Rz. 26

[Autor/Stand] Die Selbstanzeige ist ein Fremdkörper im deutschen Strafrecht. Der Staat kommt dem Steuerhinterzieher mit der Regelung des § 371 AO in einer Weise entgegen, die dem deutschen Strafrecht (von der Ausnahme des § 266a Abs. 6 StGB im Beitragsstrafrecht und § 261 Abs. 8 StGB bei der Geldwäsche abgesehen, dazu Rz. 828 f.) unbekannt ist: Er gewährt auch dann noch die Chance auf rückwirkende Straffreiheit, wenn die Tat – rechtlich vollendet oder beendet – bereits mehrere Jahre zurückliegt und dem Täter die finanziellen Vorteile in vollem Umfang zugeflossen sind.

 

Rz. 27

[Autor/Stand] Im StGB sind die mehr oder weniger weitgehenden Vorschriften über den strafbefreienden Rücktritt oder über die tätige Reue (§§ 24, 31, 83a, 87 Abs. 3, § 98 Abs. 2, § 129 Abs. 6, § 139 Abs. 4, §§ 158, 264 Abs. 6, §§ 306e, 314a, 320, 330b StGB) ungeachtet ihrer Verschiedenheiten stets an die Voraussetzung gekoppelt, dass der Täter den Eintritt des tatbestandsmäßigen Erfolgs oder der sich aus der Tat ergebenden Nachteile verhindert oder zu verhindern versucht. Ein strafbefreiender Rücktritt vom vollendeten Delikt ist aber ausgeschlossen. Wiedergutmachungshandlungen, wie sie § 371 Abs. 1 und 3 AO vorsieht, haben im allgemeinen Strafrecht lediglich bei der Strafzumessung als Strafmilderungsgrund Gewicht (vgl. § 46 Abs. 2 StGB). Daneben können sie über den in § 46a StGB geregelten Täter-Opfer-Ausgleich nicht nur strafmildernd berücksichtigt werden, sondern sogar, wenn keine höhere Strafe als Freiheitsstrafe bis zu einem Jahr oder Geldstrafe bis zu 360 Tagessätzen verwirkt ist, zum Absehen von Strafe führen (zum Verhältnis des § 371 AO zu § 46a StGB s. näher Rz. 826).

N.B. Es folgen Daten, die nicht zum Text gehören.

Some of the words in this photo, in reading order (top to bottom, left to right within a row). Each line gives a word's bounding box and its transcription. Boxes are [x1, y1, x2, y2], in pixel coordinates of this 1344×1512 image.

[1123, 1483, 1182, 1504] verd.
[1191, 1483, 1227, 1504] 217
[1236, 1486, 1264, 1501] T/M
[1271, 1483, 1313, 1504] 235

Gleichwohl bleibt § 371 AO eine gesetzgeberische "Rechtswohltat", deren Zulässigkeit und Berechtigung von jeher umstritten war und ist[3].

 

Rz. 28

[Autor/Stand] Im Außenwirtschaftsstrafrecht hat der Gesetzgeber mit Wirkung zum 1.9.2013 mit § 22 Abs. 4 AWG eine bußgeldbefreiende Selbstanzeigemöglichkeit eingeführt. Nach dieser Regelung unterbleibt die Verfolgung von Zuwiderhandlungen gegen außenwirtschaftsrechtliche Vorschriften als Ordnungswidrigkeit in den Fällen des § 19 Abs. 25 AWG, sofern der Verstoß fahrlässig begangen, im Wege der Eigenkontrolle aufgedeckt und der zuständigen Behörde angezeigt wurde.

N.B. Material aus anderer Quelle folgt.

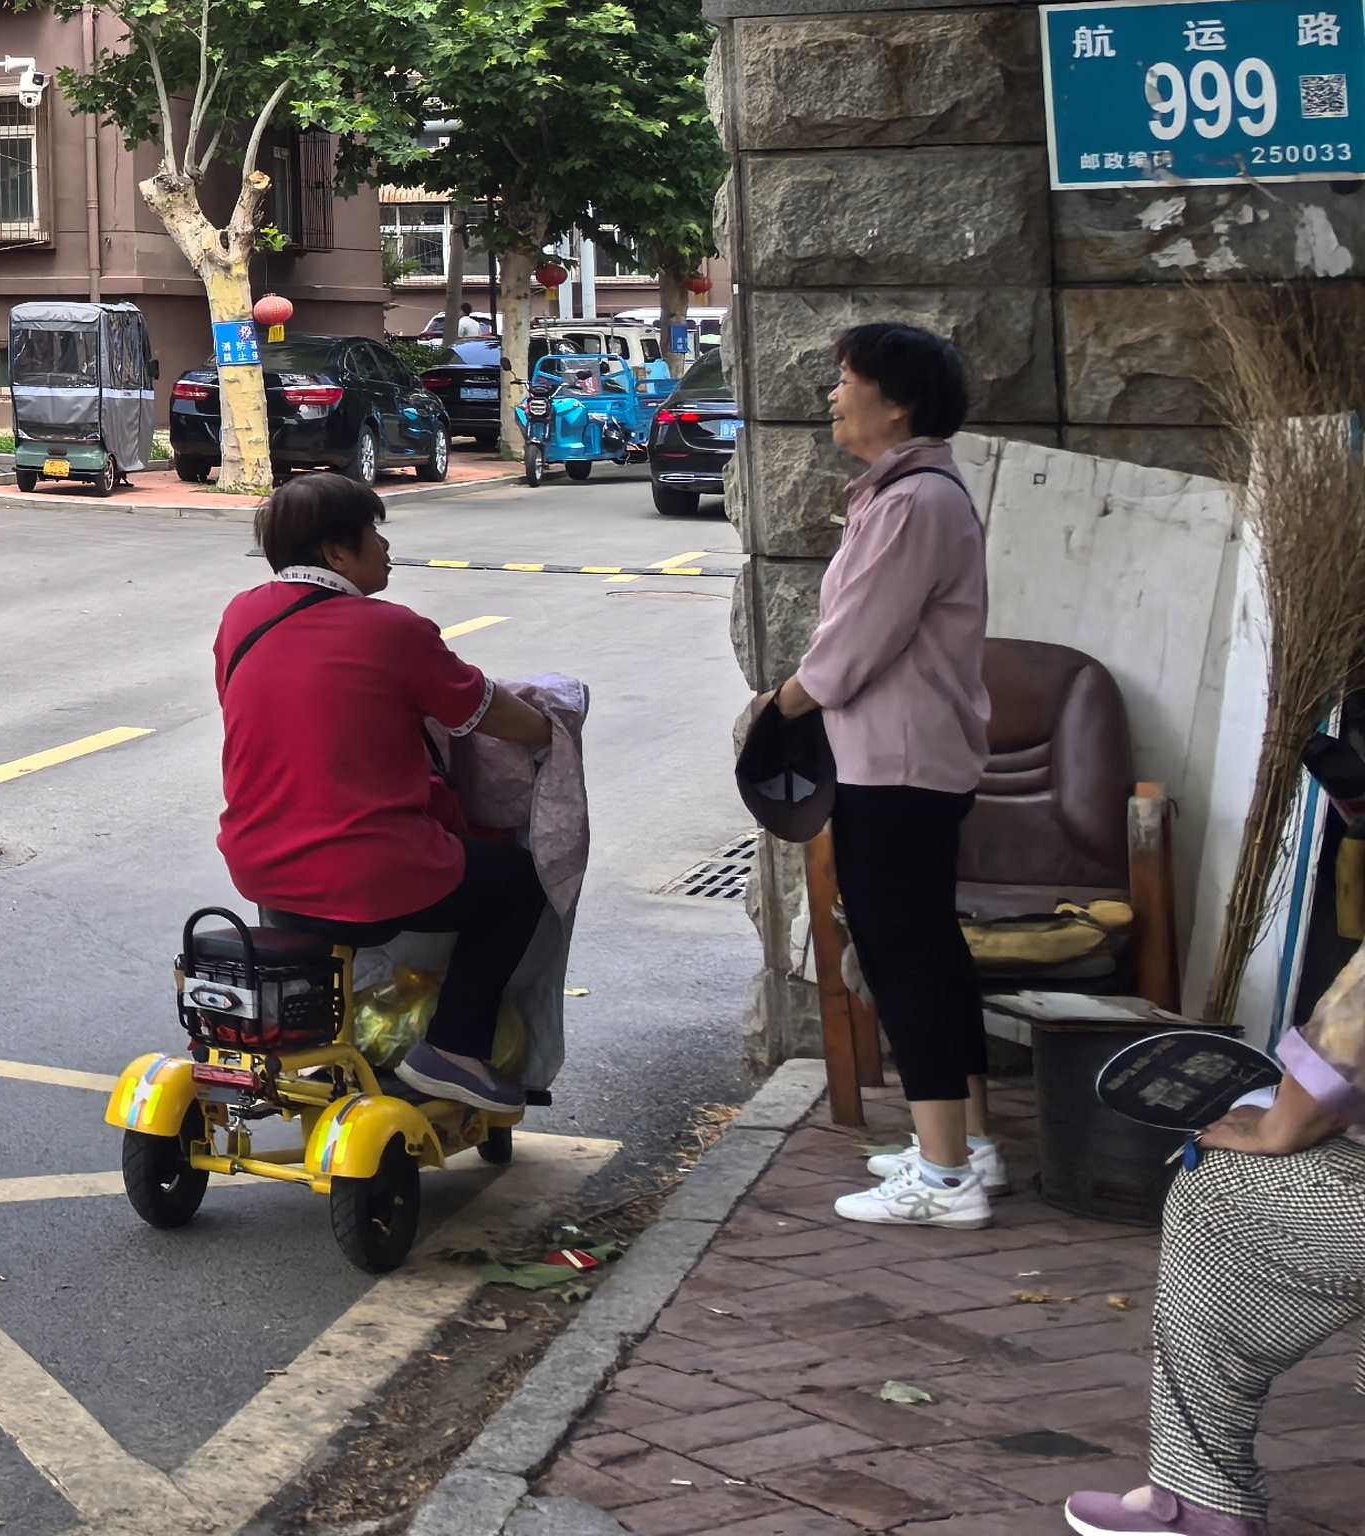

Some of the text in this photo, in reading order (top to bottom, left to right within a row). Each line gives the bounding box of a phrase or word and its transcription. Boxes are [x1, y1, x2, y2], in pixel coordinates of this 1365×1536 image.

[1072, 12, 1341, 59] 航运路
[1144, 57, 1278, 141] 999
[1079, 143, 1352, 170] 邮政编码 250033
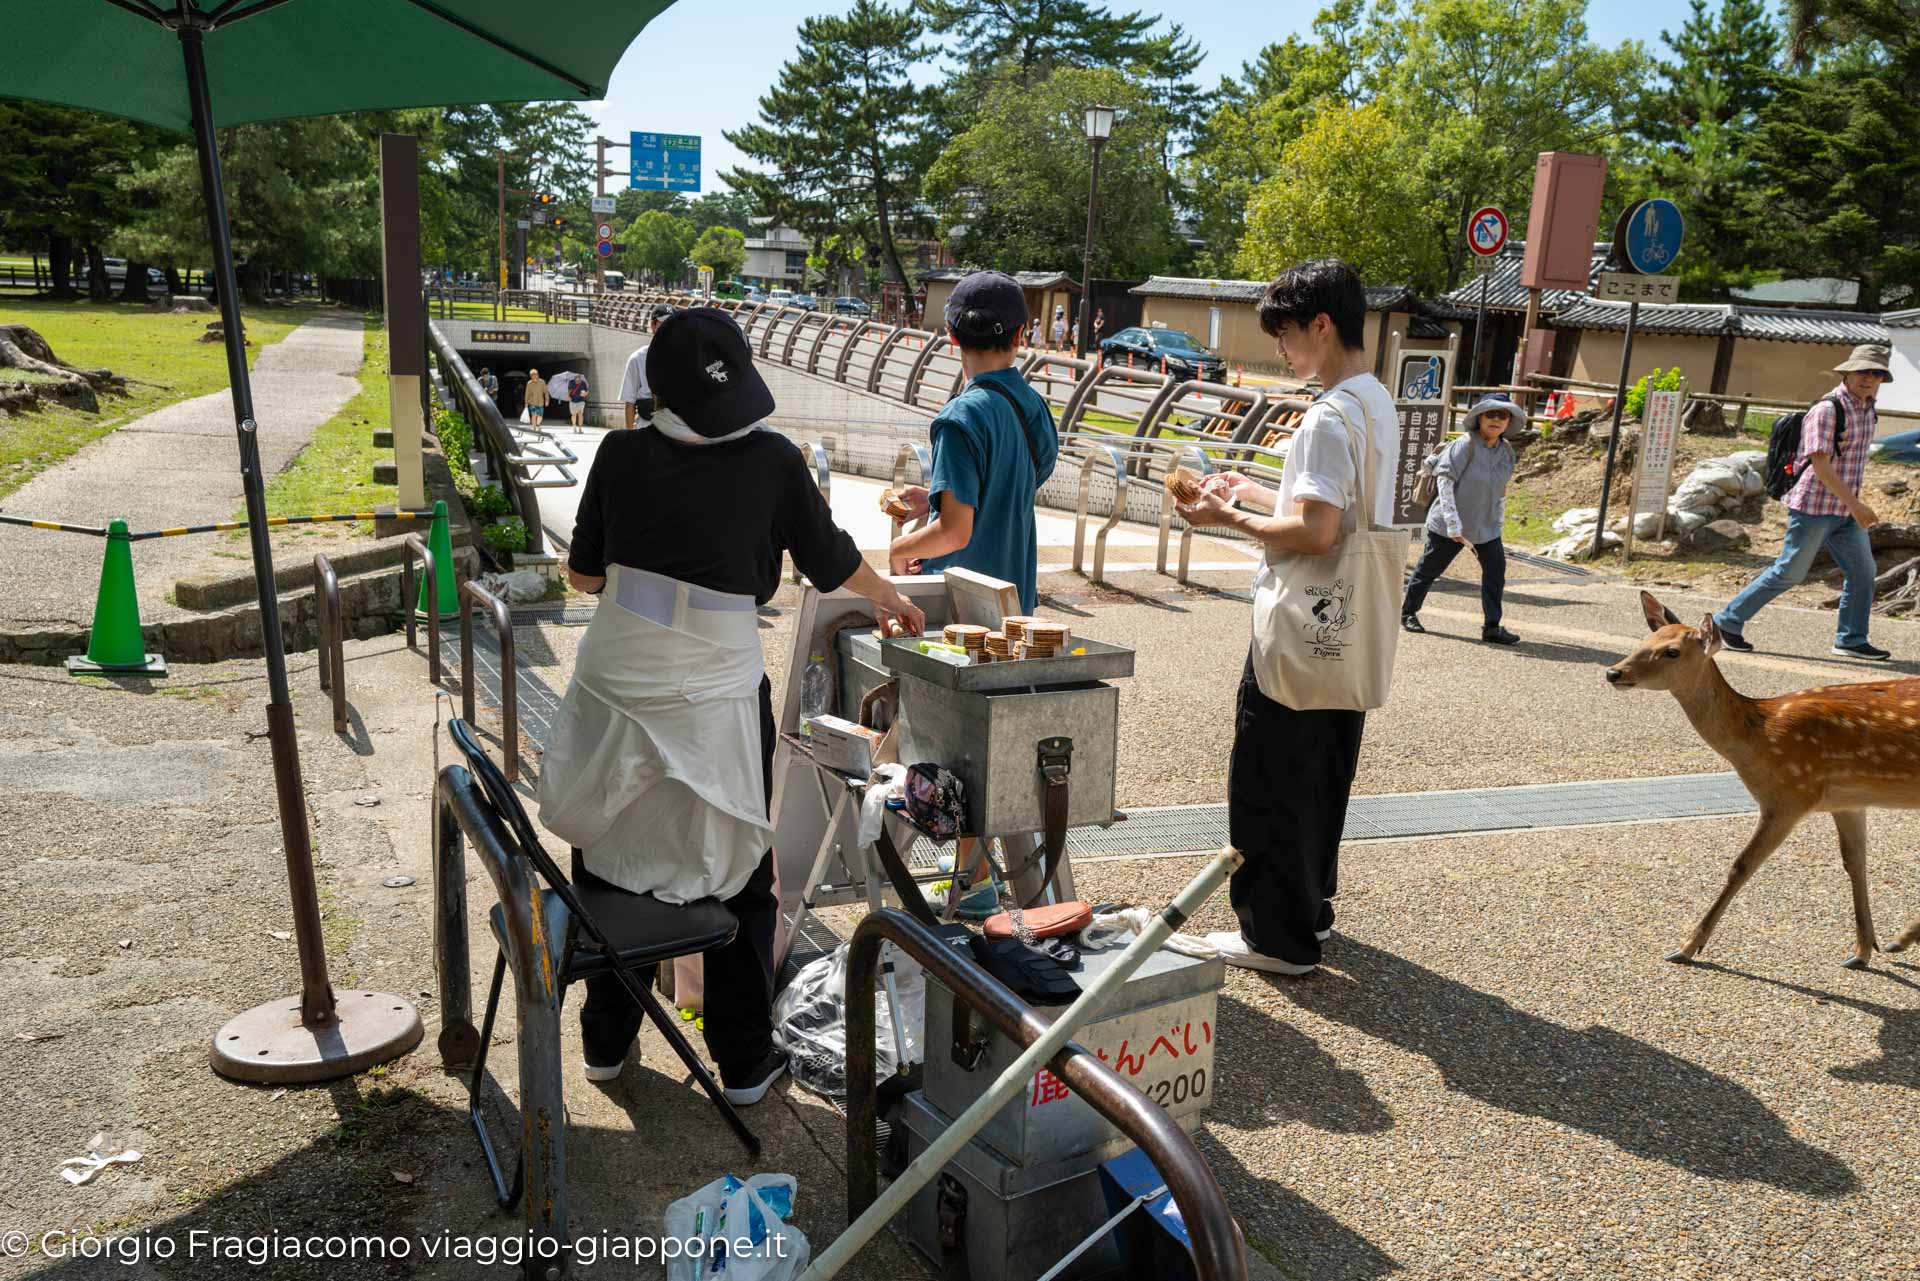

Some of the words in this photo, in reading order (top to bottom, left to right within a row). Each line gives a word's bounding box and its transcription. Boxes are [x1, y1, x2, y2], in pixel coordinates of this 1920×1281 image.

[1607, 280, 1672, 297] ここまで
[1400, 411, 1422, 518] 自転車を降りて
[1313, 647, 1342, 657] Tigers

[Autor/Stand] Autor: Schauf, Stand: 01.07.2021
[Autor/Stand] Autor: Schauf, Stand: 01.07.2021
[3] So wörtlich: BayObLG v. 3.11.1989 – RReg 4 St 135/89, BayObLGSt 1989, 145 (154); vgl. aber auch BGH v. 20.5.2010 – 1 StR 577/09, DStR 2010, 1133 (1134); Kohler in MünchKomm/StGB3, § 371 AO Rz. 18.